Given that it will be banned in the USA on January 19, TikTok intends to file another appeal. The DC Circuit Court of Appeals denied a temporary stay of TikTok’s ban on Friday, stating that the block was “unwarranted.” This decision opens the door for the Supreme Court to potentially make a decision regarding the future of the well-known video-sharing app.
A bill signed into law by President Joe Biden in April mandated that Beijing-based ByteDance sell TikTok to a non-Chinese business. Citing national security reasons, the same appeals court upheld the statute last week, and this latest verdict comes after that decision.
The corporation might be able to wait months to appeal the case to the Supreme Court, thus stopping the law indefinitely, according to the Biden administration’s earlier plea to the appeals court not to place a temporary ban on the statute.
In a statement released on December 6, TikTok spokesperson Michael Hughes stated, “We expect the Supreme Court to uphold Americans’ right to free speech, as they have done historically.”

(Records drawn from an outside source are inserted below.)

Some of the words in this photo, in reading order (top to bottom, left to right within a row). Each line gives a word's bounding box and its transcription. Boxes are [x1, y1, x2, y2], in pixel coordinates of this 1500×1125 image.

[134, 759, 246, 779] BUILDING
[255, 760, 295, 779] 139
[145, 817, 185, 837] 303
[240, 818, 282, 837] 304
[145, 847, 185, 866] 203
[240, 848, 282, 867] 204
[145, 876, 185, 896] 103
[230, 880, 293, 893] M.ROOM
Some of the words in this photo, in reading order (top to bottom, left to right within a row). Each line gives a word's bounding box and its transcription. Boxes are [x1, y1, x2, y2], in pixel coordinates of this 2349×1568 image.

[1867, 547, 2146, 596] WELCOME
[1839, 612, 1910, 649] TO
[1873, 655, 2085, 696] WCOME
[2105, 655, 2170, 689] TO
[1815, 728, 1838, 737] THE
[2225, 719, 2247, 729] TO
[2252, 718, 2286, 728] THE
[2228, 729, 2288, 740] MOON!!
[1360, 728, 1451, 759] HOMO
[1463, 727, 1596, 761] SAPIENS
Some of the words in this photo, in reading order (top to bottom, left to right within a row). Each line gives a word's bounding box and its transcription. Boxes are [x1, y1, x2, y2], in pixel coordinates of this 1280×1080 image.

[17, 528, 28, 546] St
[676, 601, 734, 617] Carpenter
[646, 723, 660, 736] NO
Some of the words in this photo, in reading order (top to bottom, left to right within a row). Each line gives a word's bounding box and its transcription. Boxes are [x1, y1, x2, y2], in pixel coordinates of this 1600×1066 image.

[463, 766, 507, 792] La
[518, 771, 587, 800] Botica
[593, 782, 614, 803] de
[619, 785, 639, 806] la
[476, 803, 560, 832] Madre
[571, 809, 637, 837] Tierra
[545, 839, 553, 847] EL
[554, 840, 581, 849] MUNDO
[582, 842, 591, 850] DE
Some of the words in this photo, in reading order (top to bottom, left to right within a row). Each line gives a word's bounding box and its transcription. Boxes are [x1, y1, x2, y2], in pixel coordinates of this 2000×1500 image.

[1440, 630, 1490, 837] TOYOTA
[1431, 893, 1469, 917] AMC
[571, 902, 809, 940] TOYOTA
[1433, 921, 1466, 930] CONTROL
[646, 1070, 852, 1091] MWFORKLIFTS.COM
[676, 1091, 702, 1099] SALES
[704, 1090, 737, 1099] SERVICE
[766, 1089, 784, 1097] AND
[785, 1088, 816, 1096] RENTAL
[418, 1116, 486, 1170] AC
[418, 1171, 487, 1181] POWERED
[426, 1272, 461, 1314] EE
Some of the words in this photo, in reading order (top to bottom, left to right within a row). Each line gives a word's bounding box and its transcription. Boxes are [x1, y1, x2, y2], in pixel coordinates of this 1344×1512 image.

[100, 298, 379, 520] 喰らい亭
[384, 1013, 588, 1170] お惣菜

In this instance, the Supreme Court could conclude quickly. The federal government and TikTok had earlier requested that the appeals court accelerate its decision in order to allow for an appeal prior to the January 19 ban.
According to Josh Schiller, a partner at the law firm Boies Schiller Flexner, the Supreme Court, which has a conservative majority of six justices, is likely to sustain the ban, he told CNN earlier this month.
“I find it difficult to believe that the conservative majority on the Supreme Court would not consider this to be a case involving (national) security,” Schiller stated.
Earlier this month, Cornell Law School professor and associate director of the First Amendment Clinic Gautam Hans told CNN that TikTok would be in a bad position if the Supreme Court decided not to examine the issue at all.
On Wednesday, the Department of Justice stated that should the ban be implemented, it would “not directly prohibit the continued use of TikTok” for the more than 170 million people who use the app each month. However, if the app is banned, don’t expect to see any more updates or be able to download it.
The CEOs of Apple and Alphabet, the parent company of Google, received a bipartisan letter from two heads of the US House of Representatives committee on China advising them to get ready to remove TikTok from their US app stores on January 19.
Moreover, TikTok will not be accessible on web hosting sites. According to the Justice Department, users should anticipate that the software will “eventually” become unfeasible.
TikTok may yet be able to survive in the US, despite ByteDance’s prior announcement that it will not be selling the app.
The statute underpinning the embargo allows Biden to give a 90-day one-time extension if he thinks a company has moved closer to a sale. He hasn’t made any indication that he intends to.
Potential supporters of TikTok include President-elect Donald Trump, who takes office the day following the ban. In a video uploaded to the app in July, he declared that he would “never ban TikTok”—despite having attempted to do so during his first tenure.
A few choices are available: Trump may request that Congress overturn the legislation, but analysts say it is unlikely to happen. Alan Rozenshtein, an associate professor of law at the University of Minnesota, told CNN last month that he may also order the attorney general to halt the enforcement of the legislation or declare TikTok exempt from it.